Pentagon Looks To Better Prep For Cyber Warfare

As it turns out, Swine Flu just might be the least of our worries on a national scale; according to a top official within the US government, cyber espionage and attacks from terror groups are the biggest threats to the country's military computer networks. We've seen time and time again that attacks on our network infrastructure can bring down entire branches or departments and paralyze security personnel, so we suppose the news isn't all that surprising.

Air Force Gen. Kevin Chilton, who heads U.S. Strategic Command, admitted that he worries that foes will "learn to disable or distort battlefield communications." Telling reporters at the Pentagon, he stated that even as the Pentagon improves its network defenses against hackers, he needs "more people, training and resources to hone offensive cyber war capacity." Of course, he made sure to warn those listening that the United States would consider military force against an enemy that attacked or disputed the nation's vital networks.

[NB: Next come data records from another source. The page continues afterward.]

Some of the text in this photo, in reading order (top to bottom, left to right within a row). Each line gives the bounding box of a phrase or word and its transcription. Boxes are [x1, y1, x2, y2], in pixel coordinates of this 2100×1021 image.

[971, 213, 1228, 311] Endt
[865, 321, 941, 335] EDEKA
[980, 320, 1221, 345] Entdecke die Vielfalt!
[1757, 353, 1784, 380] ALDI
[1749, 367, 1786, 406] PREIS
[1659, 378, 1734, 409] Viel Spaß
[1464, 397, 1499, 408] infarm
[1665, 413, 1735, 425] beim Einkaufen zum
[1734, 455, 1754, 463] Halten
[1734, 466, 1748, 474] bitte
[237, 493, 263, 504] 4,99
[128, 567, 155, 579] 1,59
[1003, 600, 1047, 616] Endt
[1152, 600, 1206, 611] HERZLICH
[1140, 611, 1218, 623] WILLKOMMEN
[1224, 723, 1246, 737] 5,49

The comments come during a time where the government is already setting up a new cyber command at Fort Meade in Maryland that would report to Strategic Command, and considering that the Pentagon's unclassified networks are "probed thousands of times a day as hackers try to steal information on military programs or planning," we'd say the extra wall of security couldn't come soon enough. In a worse case scenario, enemies could intercept direct orders ("Attack Left" or "Hold Back") and then react accordingly. Needless to say, this is definitely a matter of national security, and currently, the US is a few steps behind on the so-called "digital battlefield."